PROBLEM DETAILS> Transcribe each record exactly. Omit the pictures.

AVAILABLE DATA>
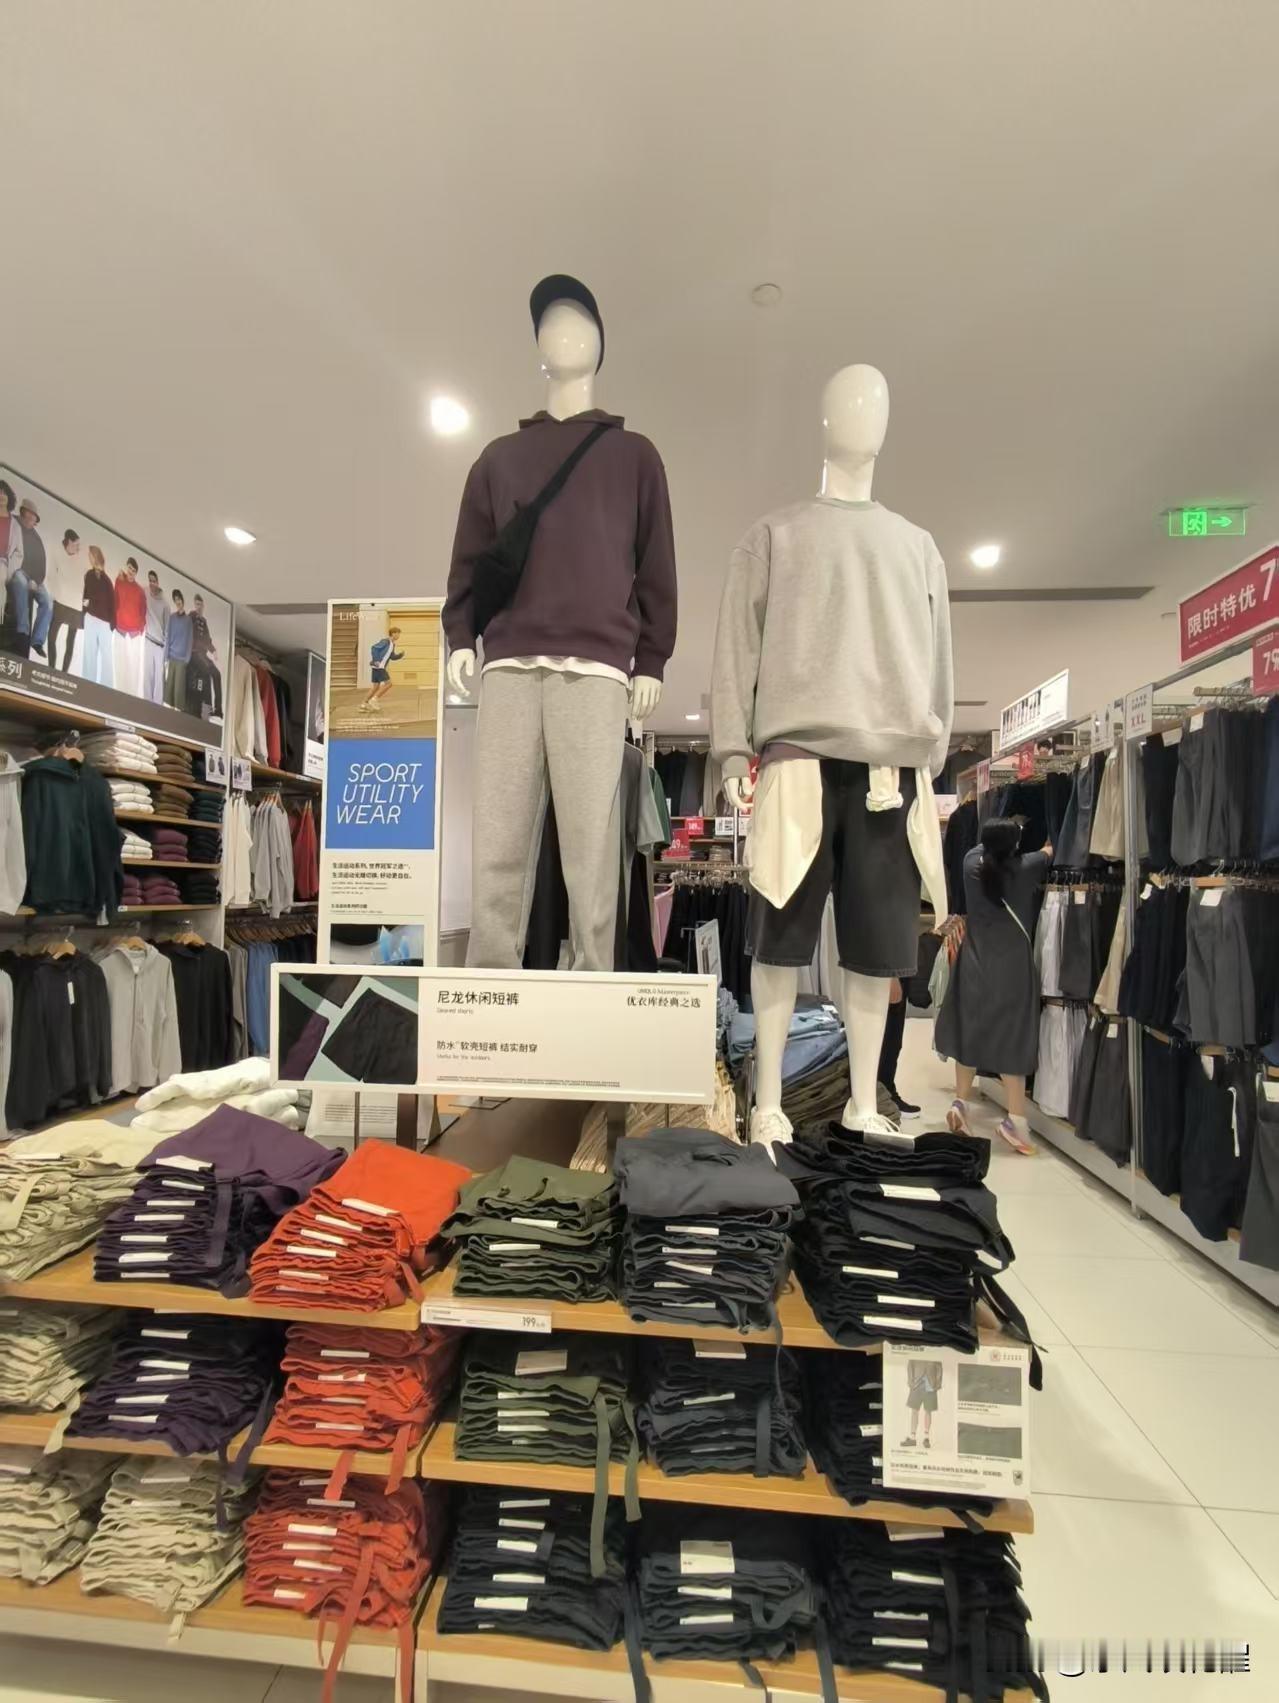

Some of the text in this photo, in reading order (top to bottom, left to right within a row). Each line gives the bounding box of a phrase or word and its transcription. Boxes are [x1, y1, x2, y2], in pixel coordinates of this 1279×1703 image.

[1187, 584, 1257, 640] 限时特优
[348, 763, 422, 782] SPORT
[343, 784, 424, 803] UTILITY
[337, 805, 401, 824] WEAR
[437, 990, 520, 1006] 尼龙休闲短裤
[626, 996, 701, 1008] 优衣库经典之选
[500, 1043, 538, 1053] 结实耐穿
[522, 1316, 537, 1327] 199
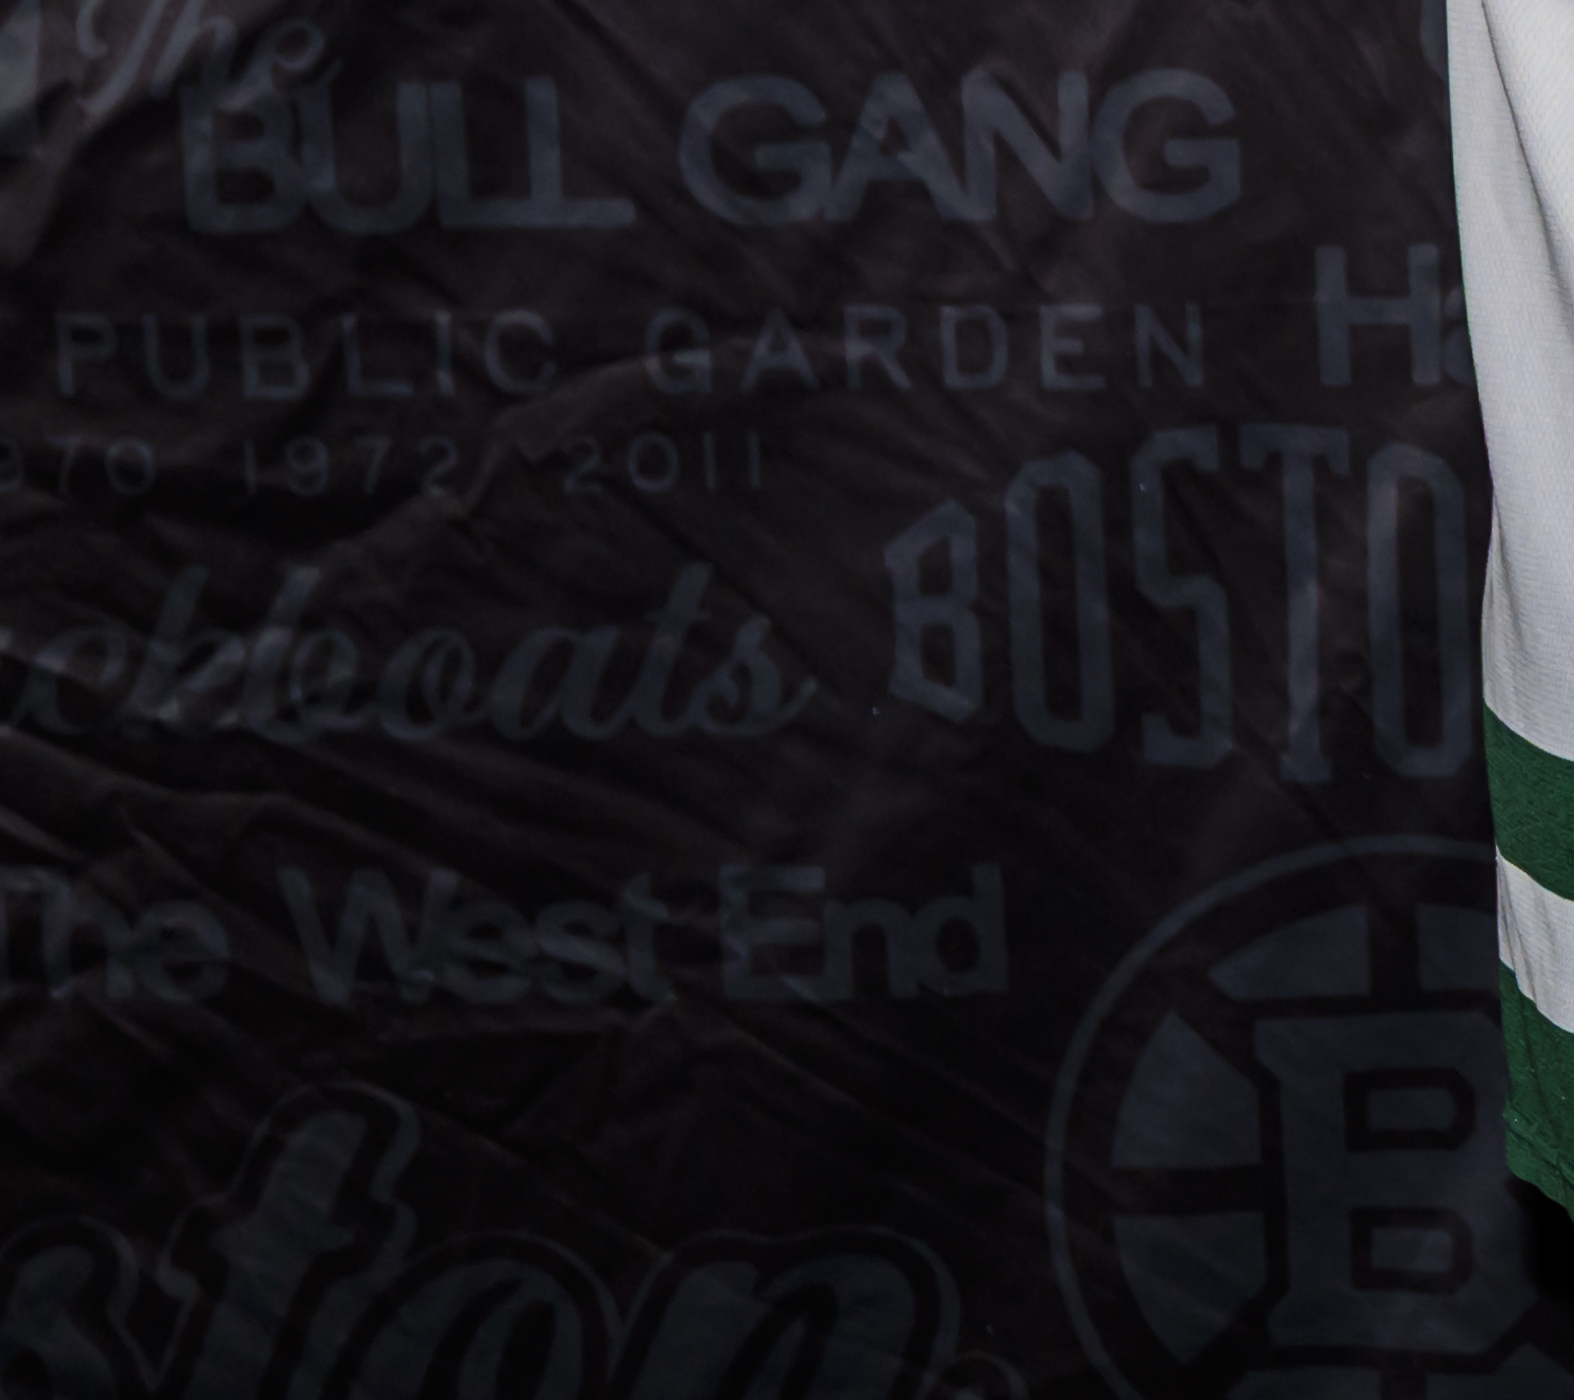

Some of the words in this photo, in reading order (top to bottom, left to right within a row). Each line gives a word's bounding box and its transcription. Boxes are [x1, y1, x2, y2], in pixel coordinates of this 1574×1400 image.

[181, 76, 638, 236] BULL
[677, 64, 1244, 228] GANG
[55, 306, 558, 400] PUBLIC
[644, 303, 1205, 398] GARDEN
[244, 435, 459, 498] 1972
[563, 431, 766, 498] 2011
[277, 863, 676, 1008] West
[719, 861, 1011, 1001] End

EXERCISE RESPONSE>
Some of the text in this photo, in reading order (top to bottom, left to right within a row). Each line gives the bounding box of a phrase or word and its transcription. Boxes are [x1, y1, x2, y2], in pixel coordinates of this 1279×1703 image.

[1187, 584, 1257, 640] 限时特优
[348, 763, 422, 782] SPORT
[343, 784, 424, 803] UTILITY
[337, 805, 401, 824] WEAR
[437, 990, 520, 1006] 尼龙休闲短裤
[626, 996, 701, 1008] 优衣库经典之选
[500, 1043, 538, 1053] 结实耐穿
[522, 1316, 537, 1327] 199

Some of the words in this photo, in reading order (top to bottom, left to right within a row). Each line gives a word's bounding box and its transcription. Boxes are [x1, y1, x2, y2], in pixel coordinates of this 1574×1400 image.

[181, 76, 638, 236] BULL
[677, 64, 1244, 228] GANG
[55, 306, 558, 400] PUBLIC
[644, 303, 1205, 398] GARDEN
[244, 435, 459, 498] 1972
[563, 431, 766, 498] 2011
[277, 863, 676, 1008] West
[719, 861, 1011, 1001] End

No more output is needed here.